Originally posted by: PhatoseAlpha
Originally posted by: JoshGuru7
Originally posted by: Zerohm
The whole ?more story driven? thing worries me. If Bioware puts all their focus into writing story lines, it?ll basically be KOTOR with multiplayer. Players will simply burn through all the content and then be bored in 3 months.
Your worry sounds like an amazing game. A multiplayer KOTOR3 with so much content that it takes you three months to complete? That's the game of the decade to me, especially when you start looking at how cool the combat and classes are shaping up to be.
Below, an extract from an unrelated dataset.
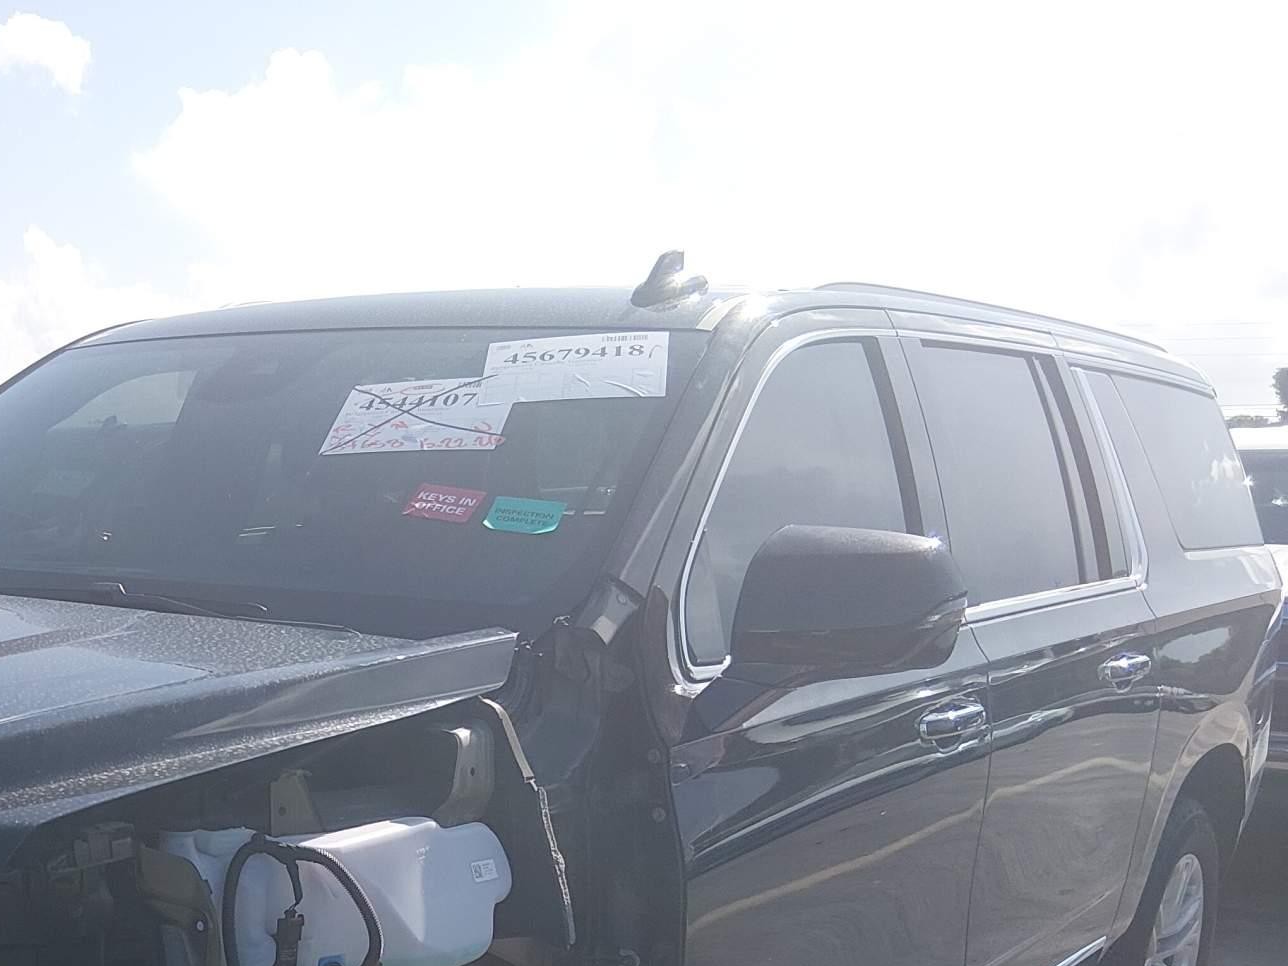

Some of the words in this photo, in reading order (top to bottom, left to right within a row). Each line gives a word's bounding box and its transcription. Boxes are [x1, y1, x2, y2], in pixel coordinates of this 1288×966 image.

Eh...the problem is that the kind of people who generally want MMOs don't want to run out of things to do in 3 months, and a fair number of the people who think 3 months worth of KotOR would be great are going to seriously wonder why on earth they have to put up other people. A lot of KotOR's attraction was the in depth NPCs....and really, your typical MMO player doesn't exactly roleplay.
It isn't nearly that cut and dried - a lot of gamers simply like having fun and there's definitely a market for "It's about the journey not the destination" type games. The idea that MMO games need to be grindy and take several years to "finish" isn't a product of careful thought on the part of the consumers but simply how it's been done in the industry and what the consumers have come to expect as developers try to milk customers along for many years.

There's a lot of fun out there for gamers who are willing to change their mindset regarding MMOs and treat them like they do the other games they play.
 
SWG was my first and only MMO, I stayed around till the combat NGE.

I really enjoyed it, I had a pure crafting character and a jedi...I really enjoyed the KOTOR games and hope this takes the best of both KOTOR games and SWG makes a doozy.